Entscheidungsstichwort (Thema)
Sozialgerichtliches Verfahren. Rechtsanwaltsvergütung. beigeordneter Rechtsanwalt. Verfahrensgebühr. Bedeutung der Angelegenheit. Untätigkeitsklage und Ausgangsverfahren nicht dieselbe Angelegenheit. alleiniges Abstellen auf die Voraussetzungen des § 88 SGG. Vergütungsanspruch bei einer nicht für alle Streitgenossen erfolgten Prozesskostenhilfebewilligung. kopfteiliger Vergütungsanteil. Begriff "dieselbe Angelegenheit"
Leitsatz (amtlich)
1. Eine Untätigkeitsklage und das dahinterstehende materielle Interesse - die Ausgangsangelegenheit - stellen nicht dieselbe Angelegenheit iS des § 15 Abs 2 RVG dar.

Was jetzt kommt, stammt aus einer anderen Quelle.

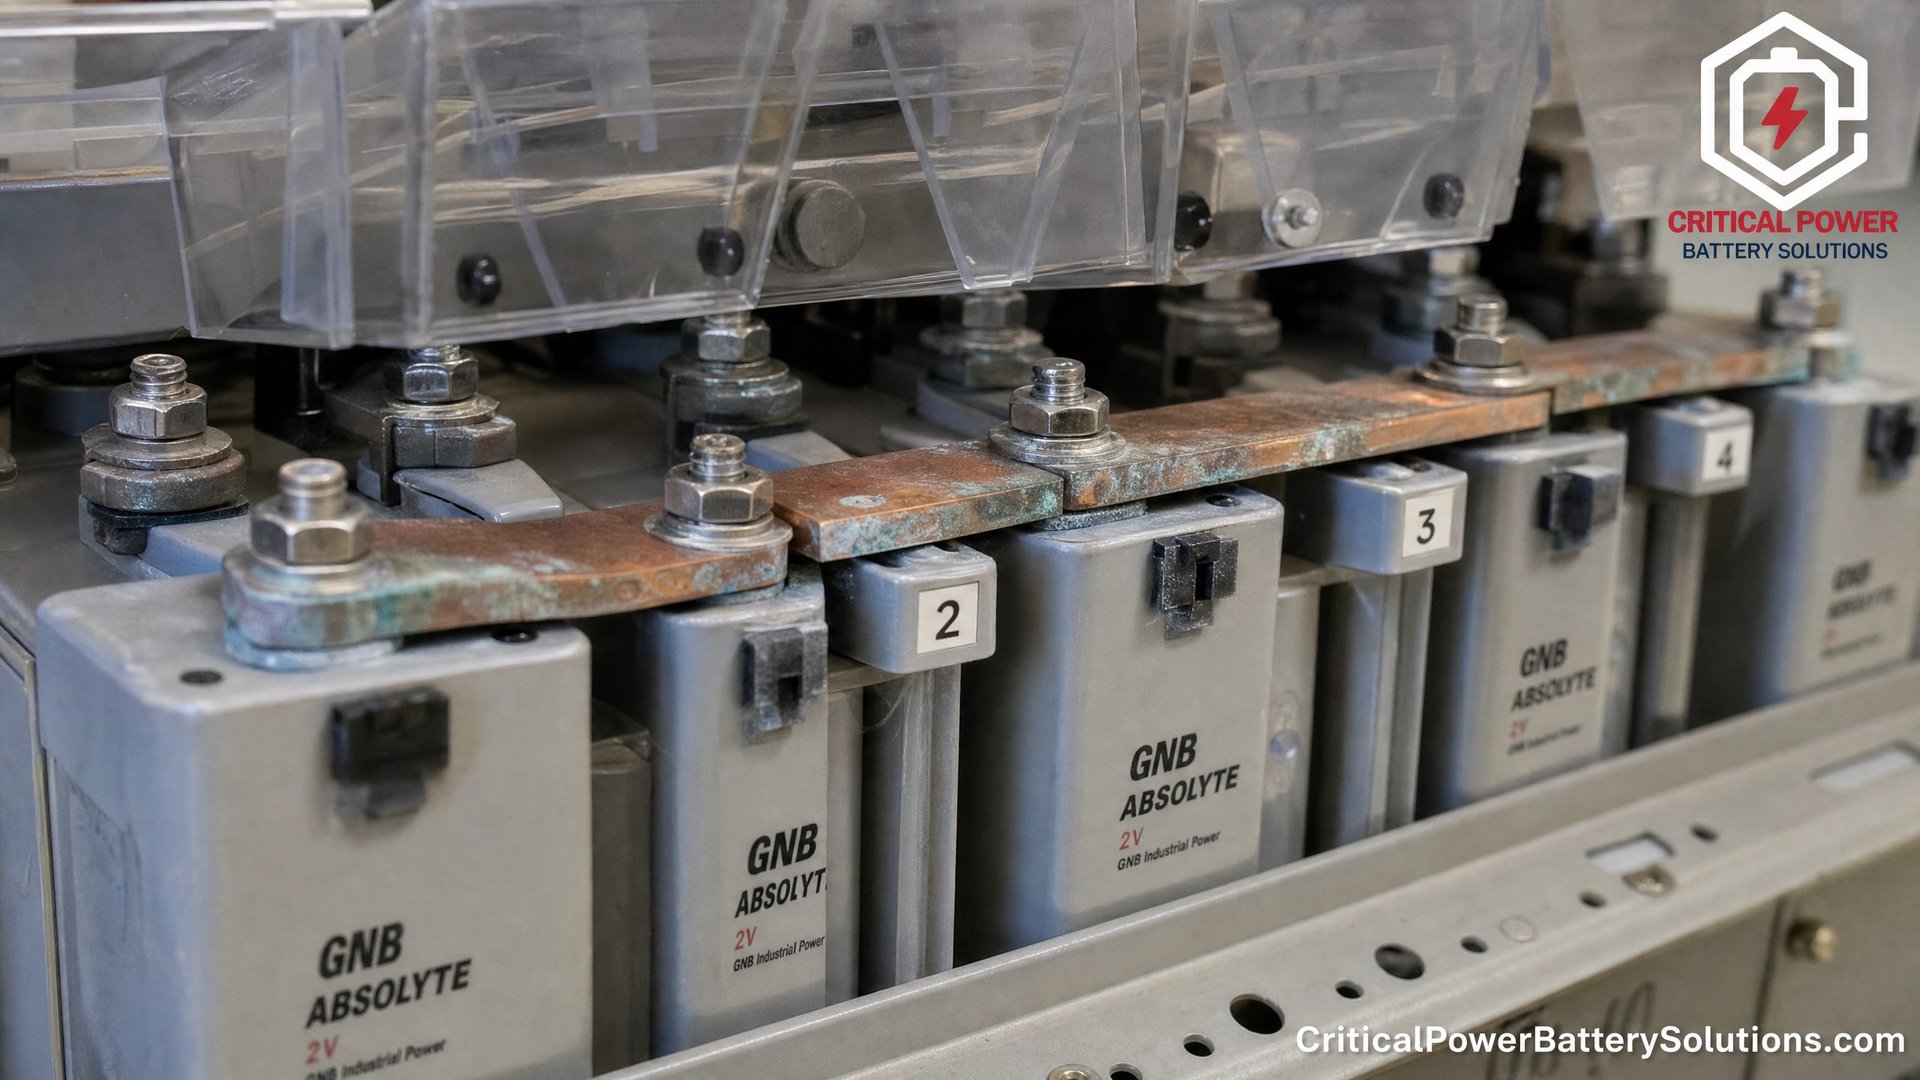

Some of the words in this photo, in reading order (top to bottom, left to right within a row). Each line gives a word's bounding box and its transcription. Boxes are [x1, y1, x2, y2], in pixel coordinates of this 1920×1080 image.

2. Der rechtliche Rahmen, der die Beauftragung eines Rechtsanwalts bei einer Untätigkeitsklage bestimmt und gleichzeitig begrenzt, wird ausschließlich durch die Voraussetzungen des § 88 SGG geprägt, und zwar unabhängig von der Berechtigung eventueller Sozialleistungsansprüche im Ausgangsverfahren.
3. Der Vergütungsanspruch des beigeordneten Rechtsanwalts beschränkt sich bei einer nicht für alle Streitgenossen erfolgten Prozesskostenhilfebewilligung auf den aus dem Gesamtbetrag der anwaltlichen Kosten für die Vertretung aller Streitgenossen errechneten kopfteiligen Vergütungsanteil.
Orientierungssatz
Zum Begriff "dieselbe Angelegenheit" im gebührenrechtlichen Sinne.
Tenor
Die Beschwerde gegen den die Erinnerung zurückweisenden Beschluss des Sozialgerichts Braunschweig vom 9. März 2017 wird zurückgewiesen.

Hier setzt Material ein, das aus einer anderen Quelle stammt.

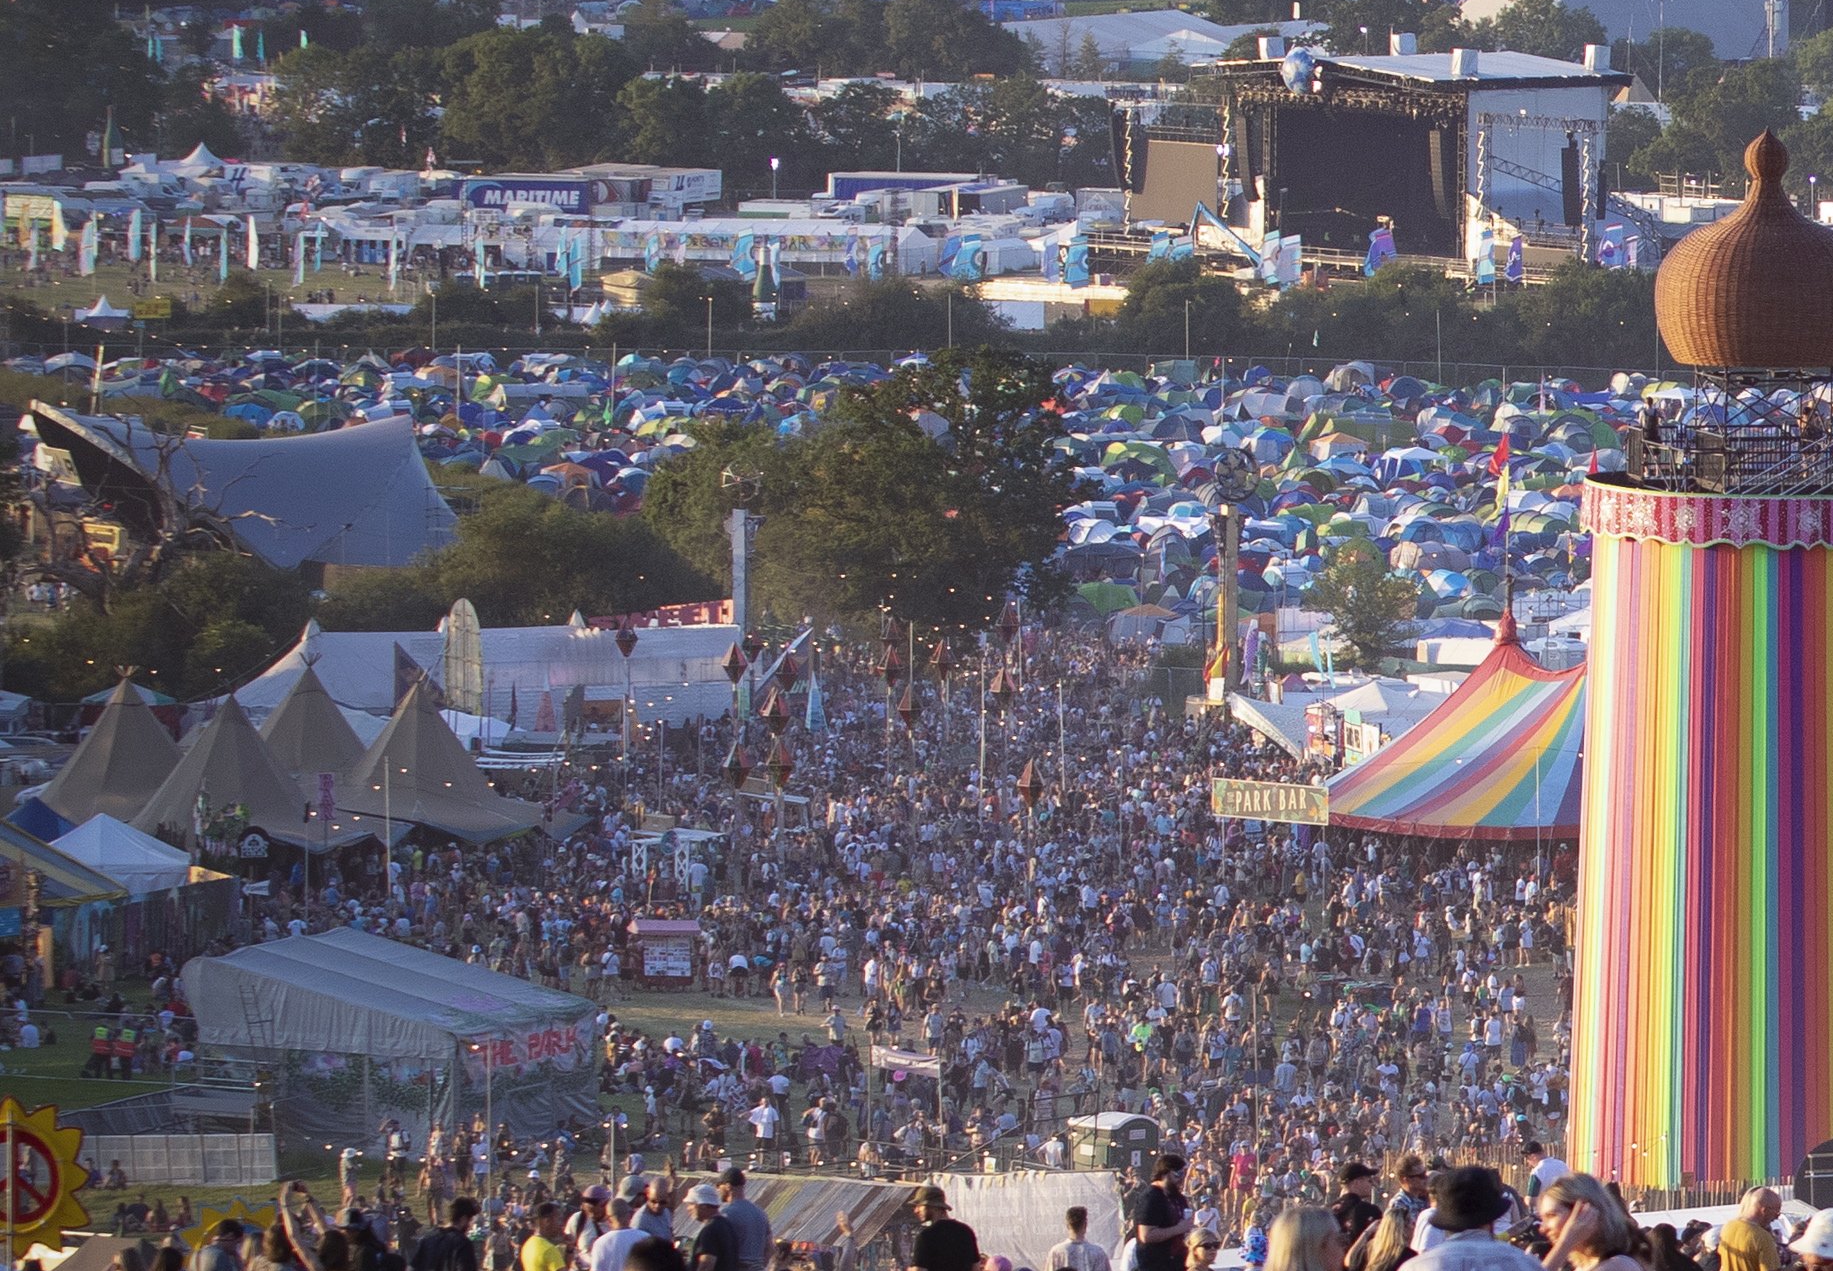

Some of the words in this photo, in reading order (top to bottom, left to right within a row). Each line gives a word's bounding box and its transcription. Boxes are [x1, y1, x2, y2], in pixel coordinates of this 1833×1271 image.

[484, 190, 580, 204] MARITIME
[1235, 790, 1271, 812] PARK
[1279, 789, 1307, 811] BAR

Kosten des Beschwerdeverfahrens sind nicht zu erstatten.
Gründe
I.
Die Beteiligten streiten über die Höhe der Rechtsanwaltsvergütung in einem Prozesskostenhilfeverfahren.

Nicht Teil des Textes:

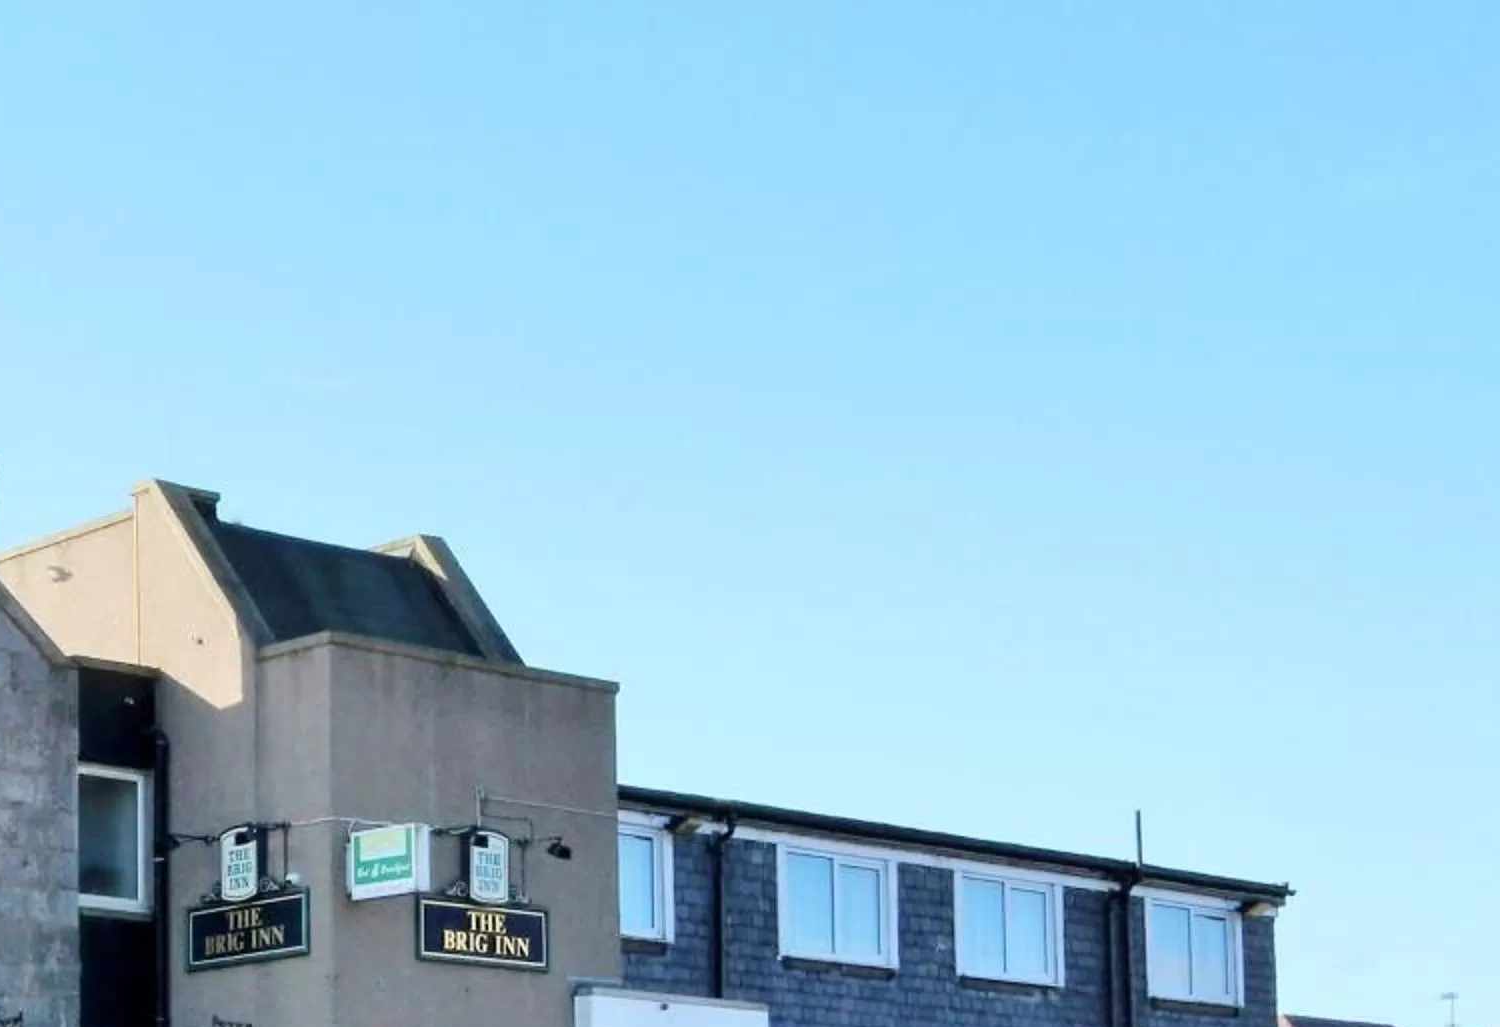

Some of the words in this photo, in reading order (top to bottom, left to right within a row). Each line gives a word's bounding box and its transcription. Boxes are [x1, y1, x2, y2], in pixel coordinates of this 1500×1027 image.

[228, 848, 251, 862] THE
[477, 851, 501, 865] THE
[227, 861, 252, 877] BRIG
[229, 877, 249, 889] INN
[225, 907, 263, 931] THE
[467, 911, 507, 934] THE
[205, 932, 245, 956] BRIG
[251, 924, 285, 949] INN
[443, 929, 489, 953] BRIG
[495, 935, 530, 957] INN
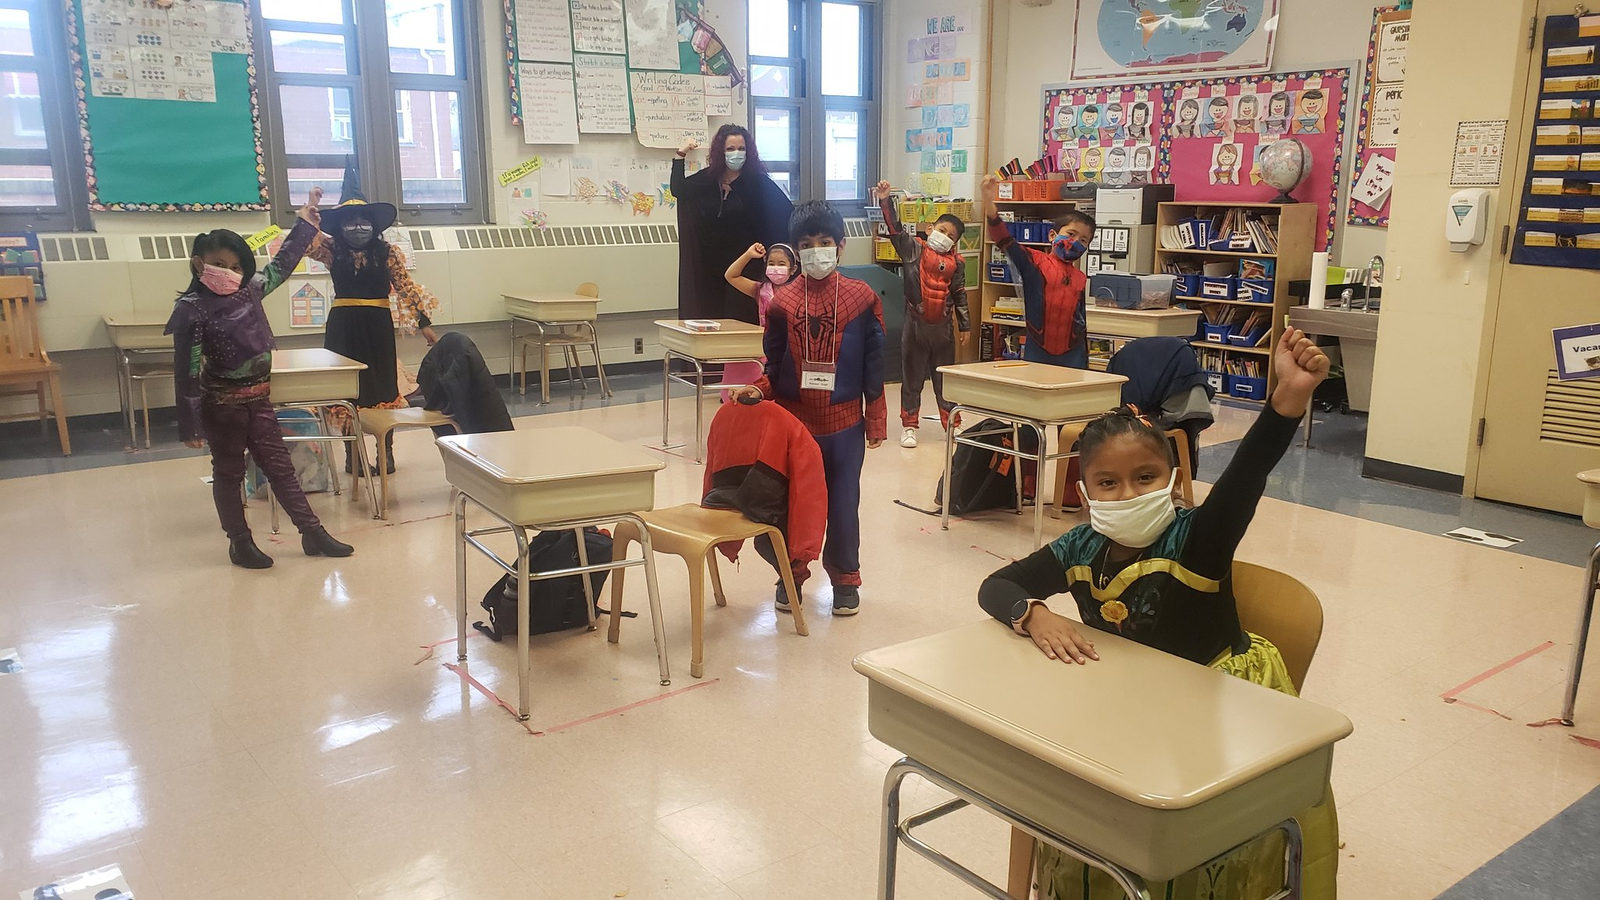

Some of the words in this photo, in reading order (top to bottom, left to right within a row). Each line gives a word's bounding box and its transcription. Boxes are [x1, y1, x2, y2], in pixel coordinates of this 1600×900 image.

[927, 17, 938, 35] WE
[940, 16, 956, 33] ARE
[638, 72, 668, 85] Writing
[669, 74, 690, 86] Codes
[922, 152, 963, 171] SISTENT

Der Beschwerdeführer wurde mit Beschluss vom 24. Januar 2017 im Klageverfahren beim Sozialgericht (SG) Braunschweig zum dortigen Aktenzeichen S 41 AS 2161/16 der dortigen Klägerin zu 1) ab dem 22. Dezember 2016, dem Tag der Antragstellung, als Prozessbevollmächtigter beigeordnet. Hinsichtlich der dortigen Kläger zu 2) und 3) lehnte das SG den Prozesskostenhilfeantrag ab. In dem Klageverfahren stritten die dortigen Beteiligten über eine etwaige Untätigkeit des dortigen Beklagten mit Blick auf einen von der Klägerin zu 1) und ihren Kindern eingelegten Widerspruch vom 23. Dezember 2015 gegen einen Bescheid vom 24. November 2015. Die Begründung der Klage erschöpfte sich in dem Satz, dass das Jobcenter Braunschweig (der dortige Beklagte) über den Widerspruch vom 23. Dezember 2016 bis heute nicht entschieden habe, so dass Klage geboten sei. Am 13. Januar 2017 teilte der dortige Beklagte in einem Schriftsatz an das SG mit, dass er mit Widerspruchsbescheid vom 12. Januar 2017 über den Widerspruch entschieden habe und übersandte den Widerspruchsbescheid im Original nebst Abdrucken. Zugleich erklärte er sich dem Grunde nach zur Übernahme der notwendigen außergerichtlichen Kosten bereit. Mit Verfügung vom 16. Januar 2017 fragte das SG bei dem Beschwerdeführer an, ob er das Anerkenntnis zur Erledigung des Rechtsstreits annehme. Am 24. Januar 2017 erklärte der Beschwerdeführer gegenüber dem SG, dass das Anerkenntnis angenommen werde.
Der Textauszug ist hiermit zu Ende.